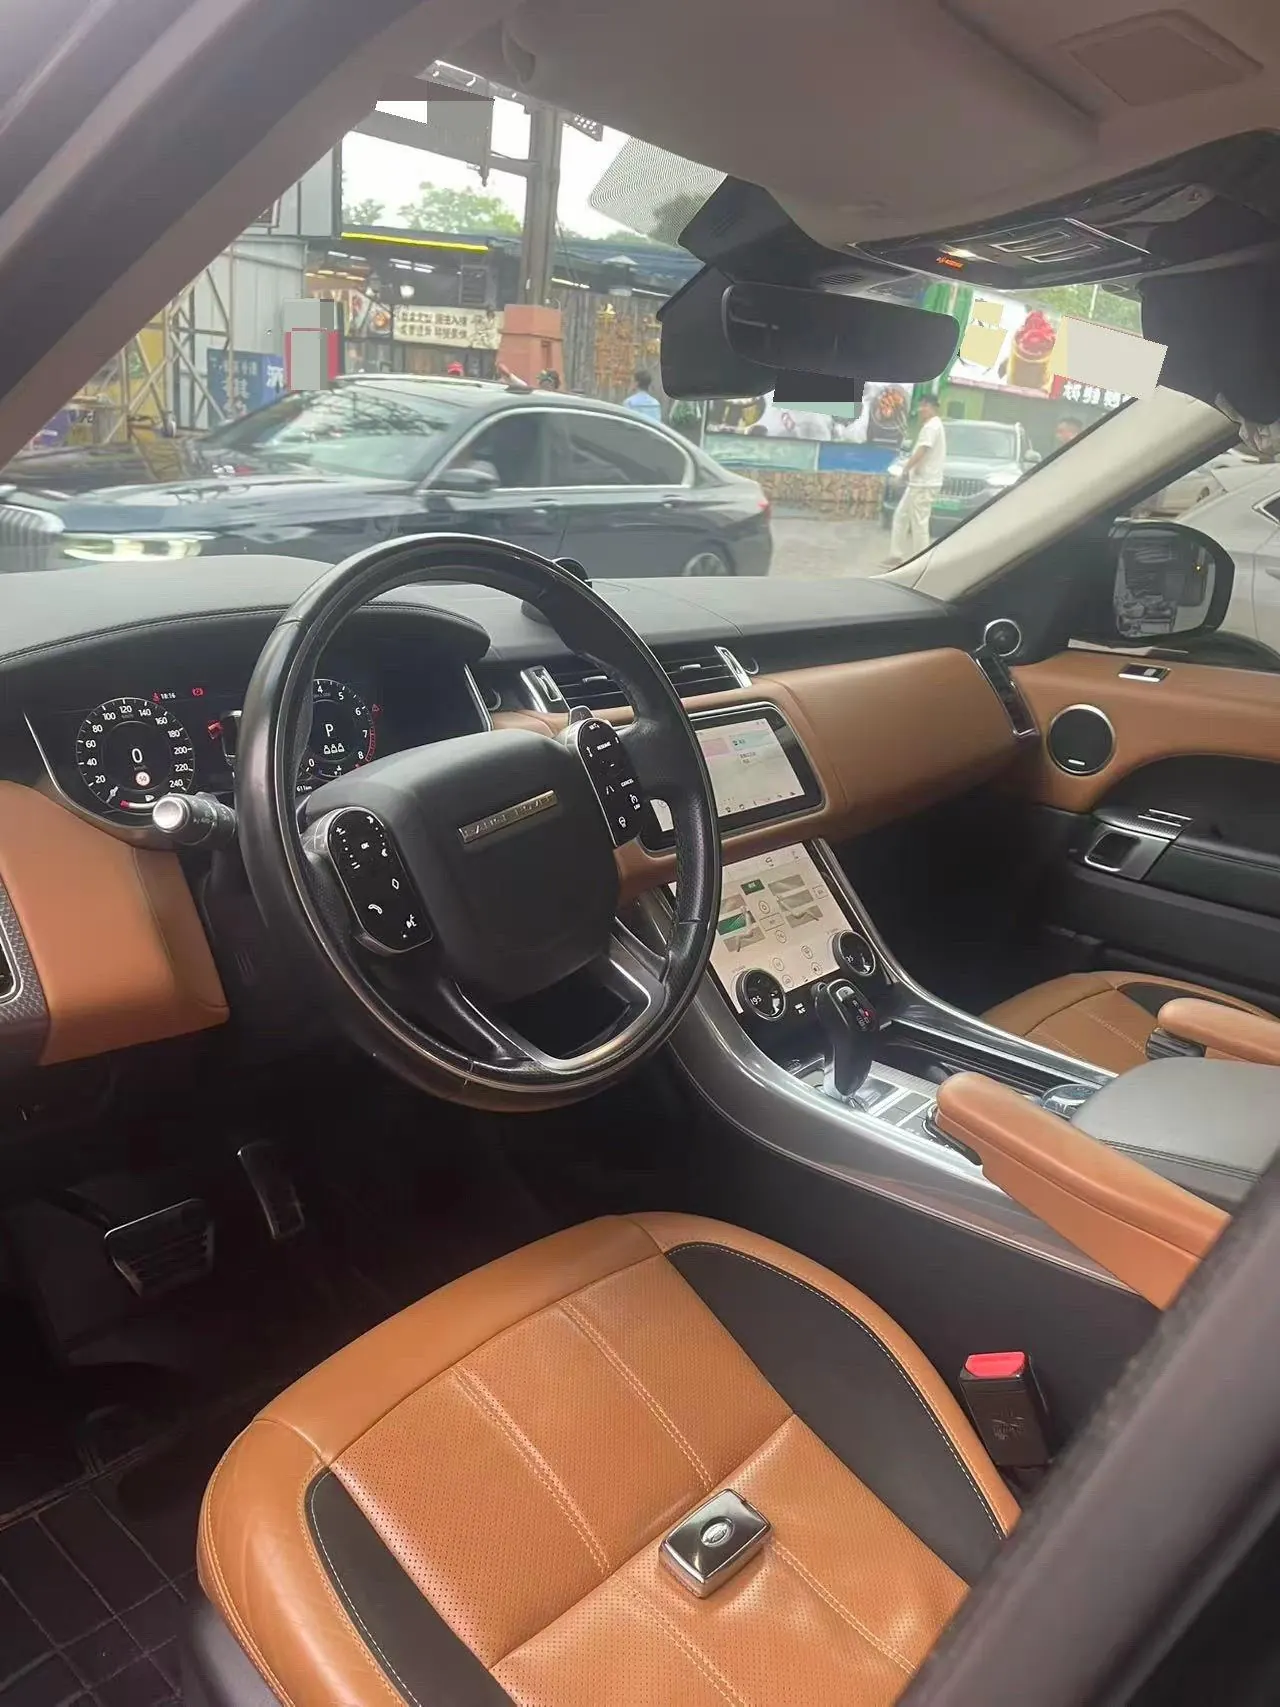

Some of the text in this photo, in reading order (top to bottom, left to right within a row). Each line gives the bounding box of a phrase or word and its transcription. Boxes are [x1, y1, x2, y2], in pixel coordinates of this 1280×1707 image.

[317, 685, 324, 694] 4
[338, 692, 344, 700] 5
[119, 705, 132, 714] 120
[138, 708, 152, 717] 140
[355, 707, 361, 716] 6
[102, 711, 116, 721] 100
[155, 717, 168, 726] 160
[92, 724, 103, 733] 80
[325, 723, 334, 738] P
[167, 730, 180, 739] 180
[362, 729, 368, 738] 7
[85, 740, 97, 749] 60
[173, 746, 188, 755] 200
[131, 748, 142, 763] 0
[357, 751, 364, 760] 8
[86, 757, 98, 766] 40
[308, 758, 315, 767] 0
[174, 763, 189, 772] 220
[95, 775, 106, 784] 20
[169, 779, 183, 788] 240

* [Work instruction]
Taking each record in turn, retype it exactly and drop any picture.

* [Your response]
Some of the text in this photo, in reading order (top to bottom, left to right within a row). Each line gives the bounding box of a phrase or word and its transcription. Boxes are [x1, y1, x2, y2], in pixel coordinates of this 1280×1707 image.

[317, 685, 324, 694] 4
[338, 692, 344, 700] 5
[119, 705, 132, 714] 120
[138, 708, 152, 717] 140
[355, 707, 361, 716] 6
[102, 711, 116, 721] 100
[155, 717, 168, 726] 160
[92, 724, 103, 733] 80
[325, 723, 334, 738] P
[167, 730, 180, 739] 180
[362, 729, 368, 738] 7
[85, 740, 97, 749] 60
[173, 746, 188, 755] 200
[131, 748, 142, 763] 0
[357, 751, 364, 760] 8
[86, 757, 98, 766] 40
[308, 758, 315, 767] 0
[174, 763, 189, 772] 220
[95, 775, 106, 784] 20
[169, 779, 183, 788] 240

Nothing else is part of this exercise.